Harness does not work properly

Question

Harness does not work properly

RobinJing opened this issue 7 months ago · comments

RobinJing commented 7 months ago

Describe the bug
Wanna use Harness but does not work.
How to reproduce
Steps to reproduce the error:

Using Conda:

conda create with python 3.11
conda activate& git clone harnesss
pip install -e .

2.Using Docker b11:
pip install -e . successfully
python run_multi_llb.py --model ipex-llm --pretrained /model/DeepSeek-R1-Distill-Qwen-32B --precision sym_int4 --device xpu:0,1,2,3 --tasks mmlu --batch 1 --no_cache
pip install datasets==2.21.0
python run_multi_llb.py --model ipex-llm --pretrained /model/DeepSeek-R1-Distill-Qwen-32B --precision sym_int4 --device xpu:0,1,2,3 --tasks mmlu --batch 1 --no_cache
pip install accelerate==0.26.0 & python run_multi_llb.py again

-pip install trl==0.11.0 & python run_multi_llb.py again

RobinJing · Answer 1 · Mon Mar 31 2025 13:23:49 GMT+0800 (China Standard Time)

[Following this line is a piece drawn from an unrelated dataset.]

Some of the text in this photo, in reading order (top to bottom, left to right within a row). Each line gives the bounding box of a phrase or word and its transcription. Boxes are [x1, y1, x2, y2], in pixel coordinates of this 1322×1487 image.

For the conda environment, I have setup the environment and the deployment is ready to go, after this , I can start the script with:
python run_multi_llb.py --model ipex-llm --pretrained /model/DeepSeek-R1-Distill-Qwen-32B --precision sym_int4 --device xpu:0,1,2,3 --tasks hellaswag --batch 1 --no_cache
but the program stops suddenly without any meaningful output:

Wang, Jian4 · Answer 2 · Mon Mar 31 2025 14:12:48 GMT+0800 (China Standard Time)

Maybe you can try to run it again using latest b16 image, and we don't need to install conda again in docker container, you can use pip install directly to test.

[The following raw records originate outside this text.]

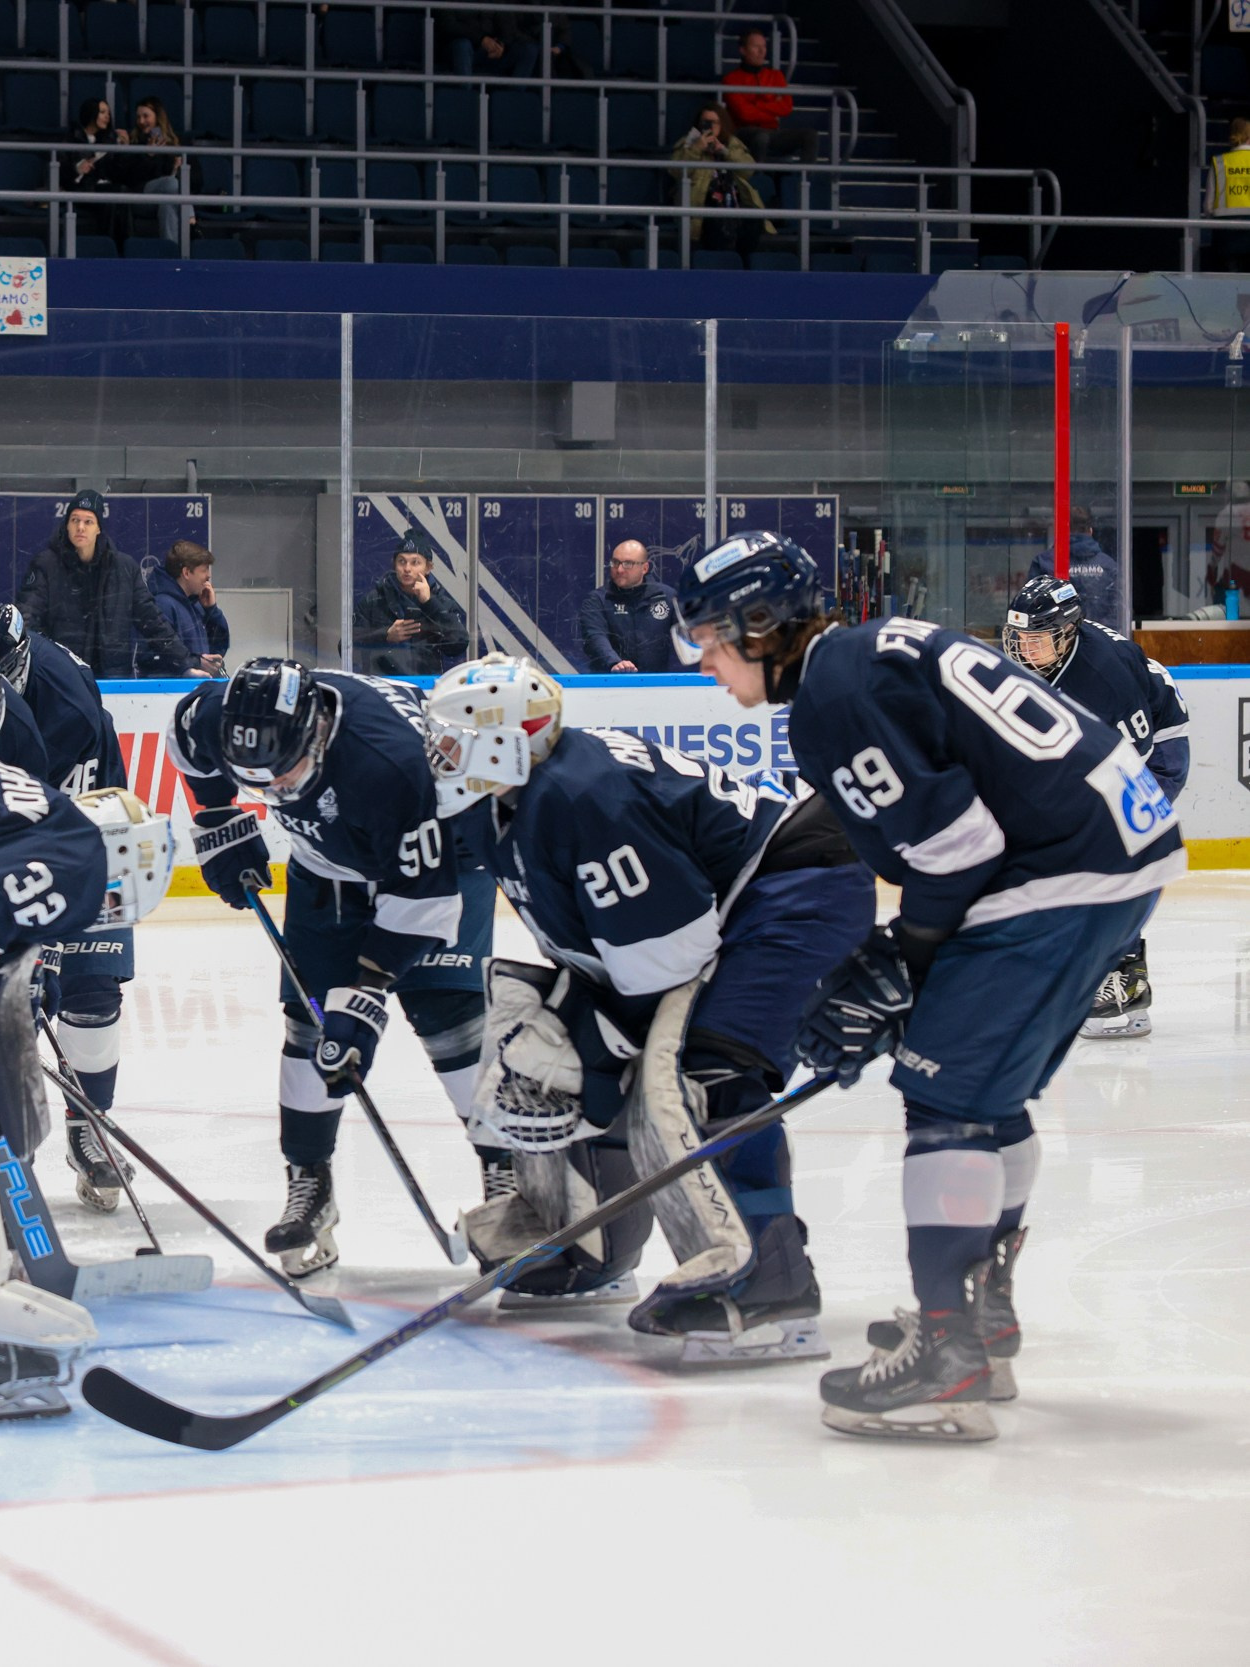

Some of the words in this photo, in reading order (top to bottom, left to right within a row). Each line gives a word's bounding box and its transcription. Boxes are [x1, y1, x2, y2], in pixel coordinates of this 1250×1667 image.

[1228, 167, 1250, 175] SAFE
[1229, 184, 1250, 196] K09
[186, 503, 203, 518] 26
[358, 503, 370, 517] 27
[446, 503, 462, 518] 28
[484, 503, 501, 518] 29
[575, 503, 592, 518] 30
[610, 503, 625, 518] 31
[730, 503, 746, 518] 33
[815, 503, 832, 518] 34
[1116, 709, 1149, 744] 18
[232, 724, 258, 749] 50
[831, 745, 905, 819] 69
[398, 819, 443, 878] 50
[577, 844, 650, 909] 20
[3, 861, 68, 928] 32
[62, 940, 124, 956] AUER

RobinJing · Answer 3 · Mon Mar 31 2025 14:37:47 GMT+0800 (China Standard Time)

Hi,
I use b16 image docker to perform the test, simply I start the backend server from vllm, and use harness 'local-completions' as the frontend, when I run the winogrande task, it works fine; however if I run mmlu task, the vllm server crashes:

Kai Huang · Answer 4 · Mon Mar 31 2025 15:02:27 GMT+0800 (China Standard Time)

If you want to run multi-card for one single large model, refer to this guide: https://github.com/intel/ipex-llm/tree/main/python/llm/dev/benchmark/ceval#multi-gpu-environment

run_multi_llb.py is supposed to run multiple tasks across multi cards and one model & task on a single card.

Wang, Jian4 · Answer 5 · Mon Mar 31 2025 15:21:43 GMT+0800 (China Standard Time)

Hi, I use b16 image docker to perform the test, simply I start the backend server from vllm, and use harness 'local-completions' as the frontend, when I run the winogrande task, it works fine; however if I run mmlu task, the vllm server crashes:

And this error looks like an OOM error, can you provide the entile steps on how to run vllm and how to reproduce this issue?

Kai Huang · Answer 6 · Mon Mar 31 2025 15:26:24 GMT+0800 (China Standard Time)

Synced offline, may check the memory usage of each card to confirm if the issue is OOM and paste your environment/steps as Jian suggested.